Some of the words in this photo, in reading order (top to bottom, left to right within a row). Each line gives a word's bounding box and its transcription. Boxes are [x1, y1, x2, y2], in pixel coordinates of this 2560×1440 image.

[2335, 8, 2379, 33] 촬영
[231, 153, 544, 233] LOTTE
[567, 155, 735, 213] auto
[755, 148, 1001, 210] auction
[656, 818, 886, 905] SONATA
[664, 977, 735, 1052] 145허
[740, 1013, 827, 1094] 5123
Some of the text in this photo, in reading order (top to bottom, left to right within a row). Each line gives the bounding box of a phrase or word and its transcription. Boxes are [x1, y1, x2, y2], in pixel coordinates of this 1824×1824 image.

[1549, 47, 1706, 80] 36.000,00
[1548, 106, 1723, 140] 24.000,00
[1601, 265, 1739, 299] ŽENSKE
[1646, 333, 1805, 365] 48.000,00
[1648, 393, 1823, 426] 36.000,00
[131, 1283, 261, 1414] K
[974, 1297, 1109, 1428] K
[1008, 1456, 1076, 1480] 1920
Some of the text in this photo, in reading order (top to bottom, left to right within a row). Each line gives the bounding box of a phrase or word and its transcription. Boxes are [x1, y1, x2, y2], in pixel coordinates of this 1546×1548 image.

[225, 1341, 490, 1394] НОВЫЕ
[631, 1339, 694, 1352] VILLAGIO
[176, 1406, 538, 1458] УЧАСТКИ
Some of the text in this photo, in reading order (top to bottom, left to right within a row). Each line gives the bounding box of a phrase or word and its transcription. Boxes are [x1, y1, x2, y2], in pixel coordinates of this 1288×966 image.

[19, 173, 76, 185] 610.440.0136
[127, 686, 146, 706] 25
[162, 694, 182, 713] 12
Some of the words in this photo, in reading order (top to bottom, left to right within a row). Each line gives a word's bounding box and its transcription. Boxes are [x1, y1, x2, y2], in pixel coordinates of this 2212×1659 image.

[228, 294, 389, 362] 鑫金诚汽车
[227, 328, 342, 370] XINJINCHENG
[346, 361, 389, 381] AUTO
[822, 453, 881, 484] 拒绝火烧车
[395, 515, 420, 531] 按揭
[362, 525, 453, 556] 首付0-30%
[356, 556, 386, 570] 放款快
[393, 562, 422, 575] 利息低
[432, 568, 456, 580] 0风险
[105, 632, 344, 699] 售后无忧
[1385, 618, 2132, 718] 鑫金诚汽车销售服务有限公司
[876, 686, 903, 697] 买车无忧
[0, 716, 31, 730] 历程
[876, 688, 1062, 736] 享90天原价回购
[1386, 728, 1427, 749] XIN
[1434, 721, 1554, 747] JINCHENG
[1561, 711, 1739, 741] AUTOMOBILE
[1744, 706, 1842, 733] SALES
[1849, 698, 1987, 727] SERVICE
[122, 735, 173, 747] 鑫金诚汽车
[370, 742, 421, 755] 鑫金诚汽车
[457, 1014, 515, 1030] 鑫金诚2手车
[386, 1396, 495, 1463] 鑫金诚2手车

* [Prompt] Everything in the records must be returned exactly.

* [Solution to this problem]
Some of the words in this photo, in reading order (top to bottom, left to right within a row). Each line gives a word's bounding box and its transcription. Boxes are [x1, y1, x2, y2], in pixel coordinates of this 2560×1440 image.

[2335, 8, 2379, 33] 촬영
[231, 153, 544, 233] LOTTE
[567, 155, 735, 213] auto
[755, 148, 1001, 210] auction
[656, 818, 886, 905] SONATA
[664, 977, 735, 1052] 145허
[740, 1013, 827, 1094] 5123
Some of the text in this photo, in reading order (top to bottom, left to right within a row). Each line gives the bounding box of a phrase or word and its transcription. Boxes are [x1, y1, x2, y2], in pixel coordinates of this 1824×1824 image.

[1549, 47, 1706, 80] 36.000,00
[1548, 106, 1723, 140] 24.000,00
[1601, 265, 1739, 299] ŽENSKE
[1646, 333, 1805, 365] 48.000,00
[1648, 393, 1823, 426] 36.000,00
[131, 1283, 261, 1414] K
[974, 1297, 1109, 1428] K
[1008, 1456, 1076, 1480] 1920
Some of the text in this photo, in reading order (top to bottom, left to right within a row). Each line gives the bounding box of a phrase or word and its transcription. Boxes are [x1, y1, x2, y2], in pixel coordinates of this 1546×1548 image.

[225, 1341, 490, 1394] НОВЫЕ
[631, 1339, 694, 1352] VILLAGIO
[176, 1406, 538, 1458] УЧАСТКИ
Some of the text in this photo, in reading order (top to bottom, left to right within a row). Each line gives the bounding box of a phrase or word and its transcription. Boxes are [x1, y1, x2, y2], in pixel coordinates of this 1288×966 image.

[19, 173, 76, 185] 610.440.0136
[127, 686, 146, 706] 25
[162, 694, 182, 713] 12
Some of the words in this photo, in reading order (top to bottom, left to right within a row). Each line gives a word's bounding box and its transcription. Boxes are [x1, y1, x2, y2], in pixel coordinates of this 2212×1659 image.

[228, 294, 389, 362] 鑫金诚汽车
[227, 328, 342, 370] XINJINCHENG
[346, 361, 389, 381] AUTO
[822, 453, 881, 484] 拒绝火烧车
[395, 515, 420, 531] 按揭
[362, 525, 453, 556] 首付0-30%
[356, 556, 386, 570] 放款快
[393, 562, 422, 575] 利息低
[432, 568, 456, 580] 0风险
[105, 632, 344, 699] 售后无忧
[1385, 618, 2132, 718] 鑫金诚汽车销售服务有限公司
[876, 686, 903, 697] 买车无忧
[0, 716, 31, 730] 历程
[876, 688, 1062, 736] 享90天原价回购
[1386, 728, 1427, 749] XIN
[1434, 721, 1554, 747] JINCHENG
[1561, 711, 1739, 741] AUTOMOBILE
[1744, 706, 1842, 733] SALES
[1849, 698, 1987, 727] SERVICE
[122, 735, 173, 747] 鑫金诚汽车
[370, 742, 421, 755] 鑫金诚汽车
[457, 1014, 515, 1030] 鑫金诚2手车
[386, 1396, 495, 1463] 鑫金诚2手车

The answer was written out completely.